((

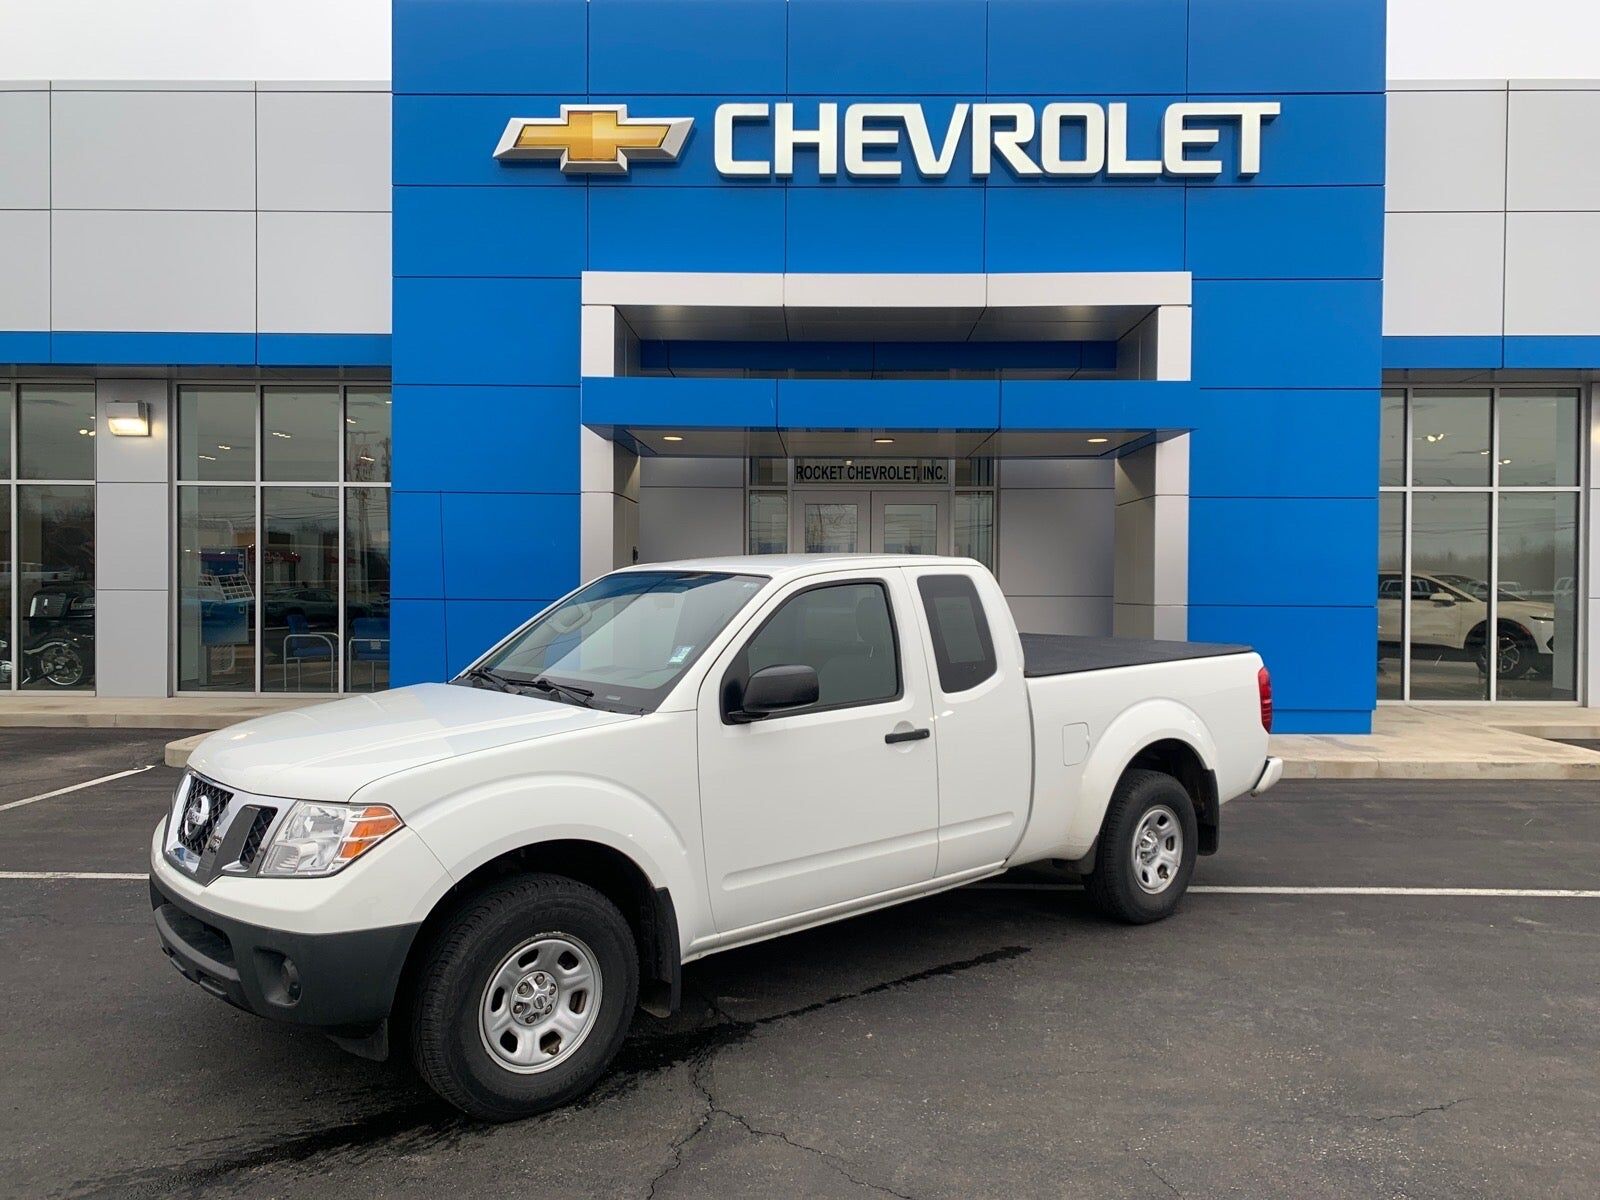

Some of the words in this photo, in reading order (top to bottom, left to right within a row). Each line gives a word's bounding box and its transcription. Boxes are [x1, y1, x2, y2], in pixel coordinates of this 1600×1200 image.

[714, 102, 1281, 176] CHEVROLET
[796, 465, 844, 480] ROCKET
[847, 465, 921, 482] CHEVROLET,
[923, 465, 946, 480] INC.
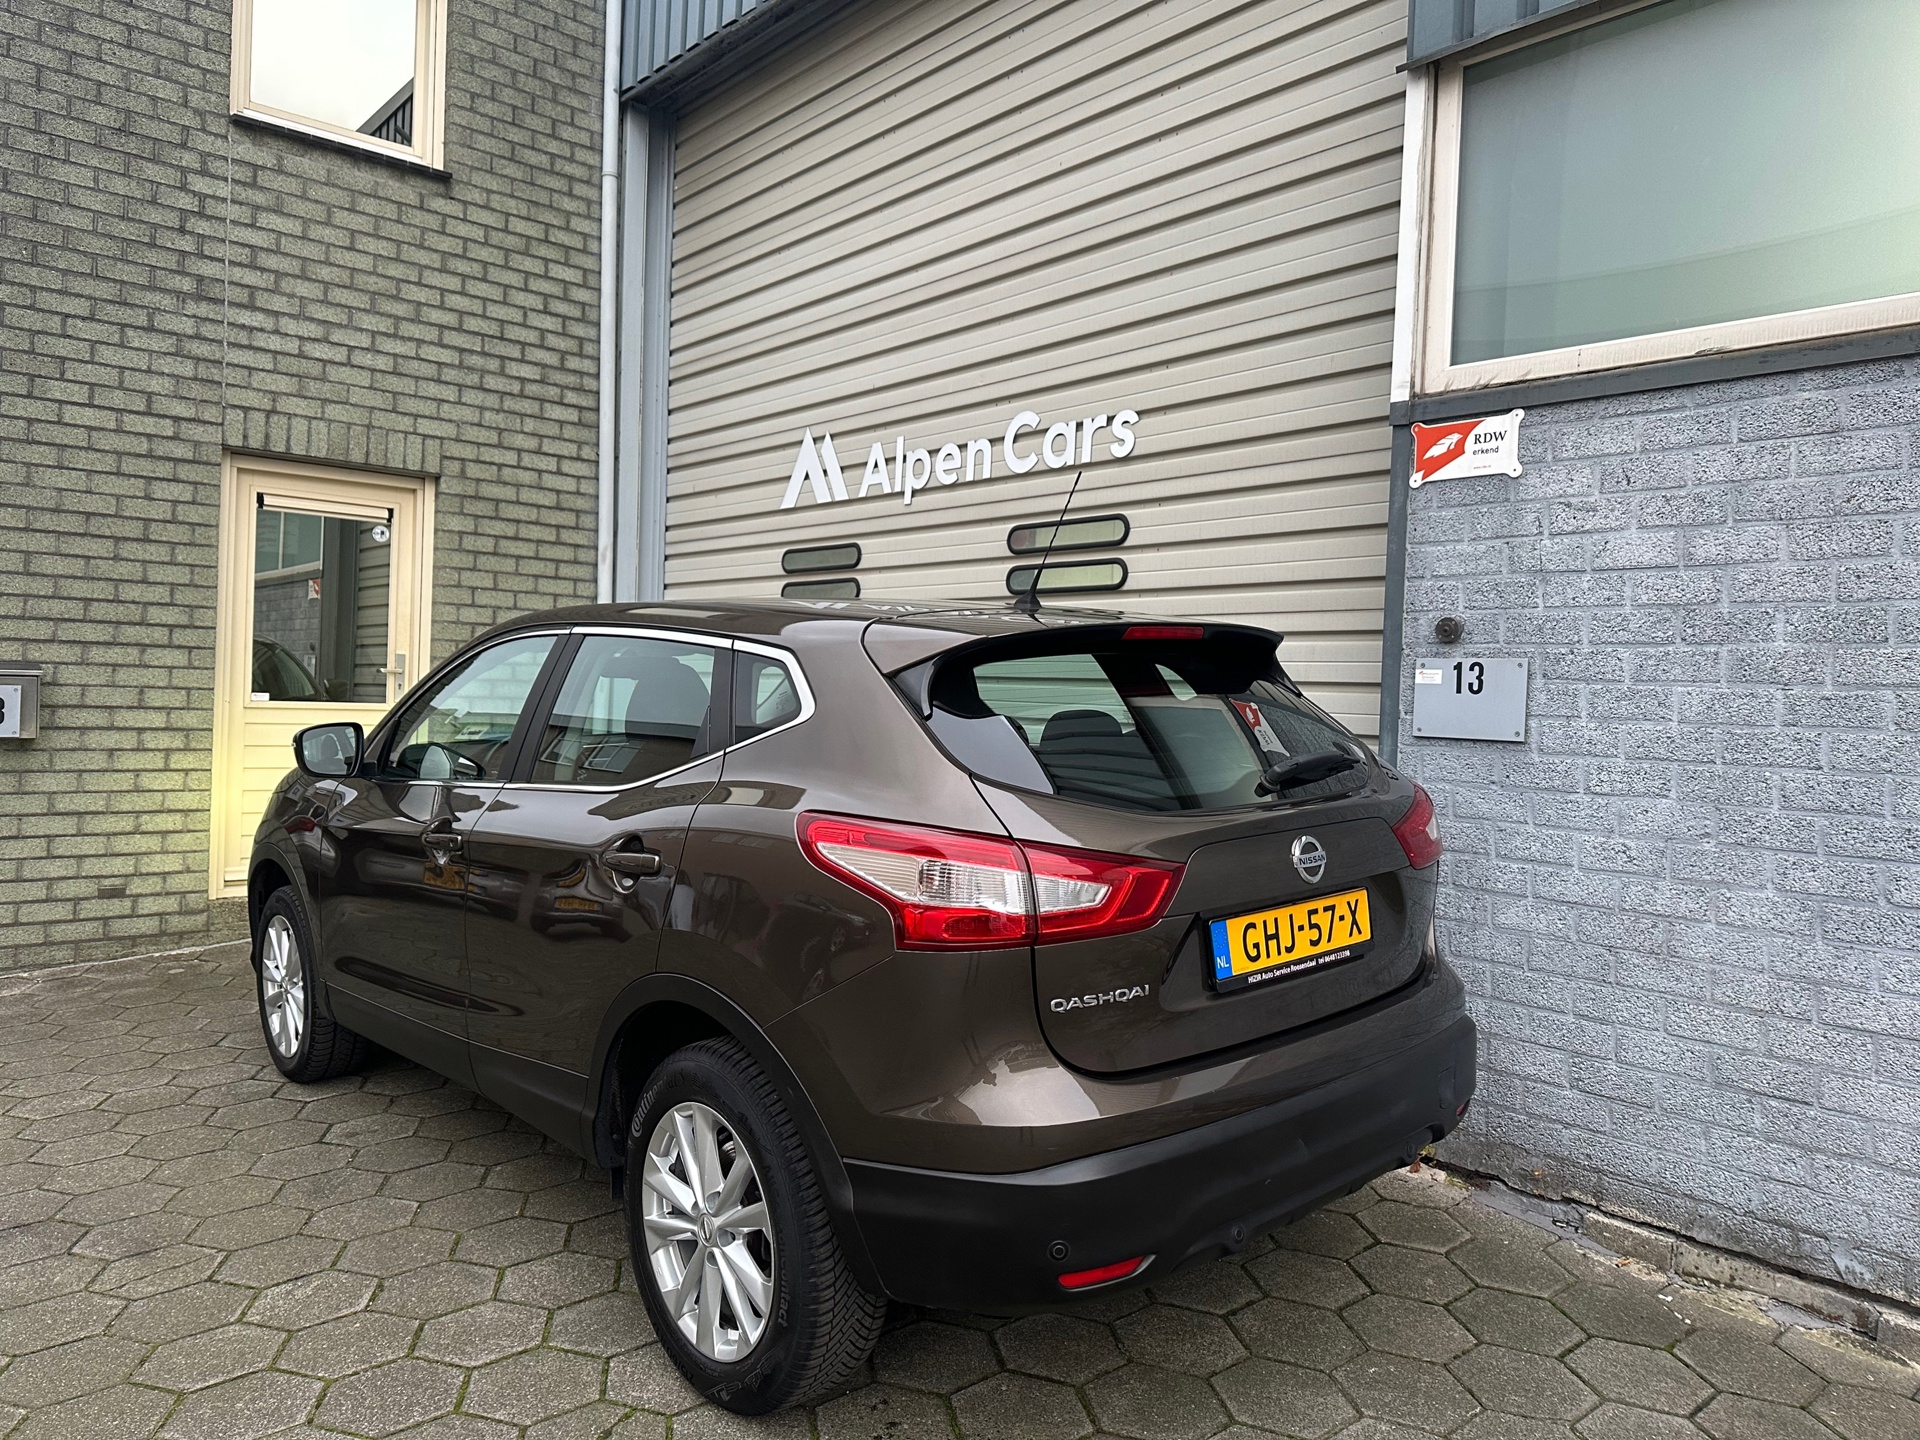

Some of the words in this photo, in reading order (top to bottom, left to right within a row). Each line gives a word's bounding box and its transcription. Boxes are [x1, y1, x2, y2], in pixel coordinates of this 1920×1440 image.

))

Required work: Please transcribe every record above exactly as written, leaving out the pictures.

Solution to this exercise:
Some of the words in this photo, in reading order (top to bottom, left to right within a row). Each line gives a word's bounding box and its transcription. Boxes are [x1, y1, x2, y2], in pixel coordinates of this 1600×1200 image.

[714, 102, 1281, 176] CHEVROLET
[796, 465, 844, 480] ROCKET
[847, 465, 921, 482] CHEVROLET,
[923, 465, 946, 480] INC.

Some of the words in this photo, in reading order (top to bottom, left to right within a row). Each line gives a word's bounding box and its transcription. Boxes are [x1, y1, x2, y2], in pixel coordinates of this 1920×1440 image.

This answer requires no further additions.